- **Exercise**
An exact copy of each record is required.

=-=-=

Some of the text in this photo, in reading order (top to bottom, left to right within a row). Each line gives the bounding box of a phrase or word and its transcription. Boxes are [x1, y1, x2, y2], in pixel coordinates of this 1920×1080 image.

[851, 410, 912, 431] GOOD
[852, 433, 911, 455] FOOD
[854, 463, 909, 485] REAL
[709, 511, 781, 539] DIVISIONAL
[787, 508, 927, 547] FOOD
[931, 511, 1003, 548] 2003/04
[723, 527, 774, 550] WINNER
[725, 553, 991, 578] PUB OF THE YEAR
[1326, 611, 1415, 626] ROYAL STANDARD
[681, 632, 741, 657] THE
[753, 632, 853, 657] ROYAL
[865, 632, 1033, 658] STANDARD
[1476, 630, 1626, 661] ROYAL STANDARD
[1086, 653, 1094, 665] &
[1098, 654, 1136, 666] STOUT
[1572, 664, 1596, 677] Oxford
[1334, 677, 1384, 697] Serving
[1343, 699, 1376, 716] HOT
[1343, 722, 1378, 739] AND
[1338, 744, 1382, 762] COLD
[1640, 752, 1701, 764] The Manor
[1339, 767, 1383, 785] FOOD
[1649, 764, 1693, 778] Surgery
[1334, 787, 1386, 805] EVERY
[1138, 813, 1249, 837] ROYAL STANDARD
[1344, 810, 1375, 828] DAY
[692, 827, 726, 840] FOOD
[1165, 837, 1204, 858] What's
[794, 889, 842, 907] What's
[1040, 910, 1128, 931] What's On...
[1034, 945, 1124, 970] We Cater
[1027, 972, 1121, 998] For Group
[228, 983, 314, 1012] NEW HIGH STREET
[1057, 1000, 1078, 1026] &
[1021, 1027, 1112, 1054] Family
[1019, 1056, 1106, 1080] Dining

=-=-=

- **Written solution**
Some of the text in this photo, in reading order (top to bottom, left to right within a row). Each line gives the bounding box of a phrase or word and its transcription. Boxes are [x1, y1, x2, y2], in pixel coordinates of this 1920×1080 image.

[851, 410, 912, 431] GOOD
[852, 433, 911, 455] FOOD
[854, 463, 909, 485] REAL
[709, 511, 781, 539] DIVISIONAL
[787, 508, 927, 547] FOOD
[931, 511, 1003, 548] 2003/04
[723, 527, 774, 550] WINNER
[725, 553, 991, 578] PUB OF THE YEAR
[1326, 611, 1415, 626] ROYAL STANDARD
[681, 632, 741, 657] THE
[753, 632, 853, 657] ROYAL
[865, 632, 1033, 658] STANDARD
[1476, 630, 1626, 661] ROYAL STANDARD
[1086, 653, 1094, 665] &
[1098, 654, 1136, 666] STOUT
[1572, 664, 1596, 677] Oxford
[1334, 677, 1384, 697] Serving
[1343, 699, 1376, 716] HOT
[1343, 722, 1378, 739] AND
[1338, 744, 1382, 762] COLD
[1640, 752, 1701, 764] The Manor
[1339, 767, 1383, 785] FOOD
[1649, 764, 1693, 778] Surgery
[1334, 787, 1386, 805] EVERY
[1138, 813, 1249, 837] ROYAL STANDARD
[1344, 810, 1375, 828] DAY
[692, 827, 726, 840] FOOD
[1165, 837, 1204, 858] What's
[794, 889, 842, 907] What's
[1040, 910, 1128, 931] What's On...
[1034, 945, 1124, 970] We Cater
[1027, 972, 1121, 998] For Group
[228, 983, 314, 1012] NEW HIGH STREET
[1057, 1000, 1078, 1026] &
[1021, 1027, 1112, 1054] Family
[1019, 1056, 1106, 1080] Dining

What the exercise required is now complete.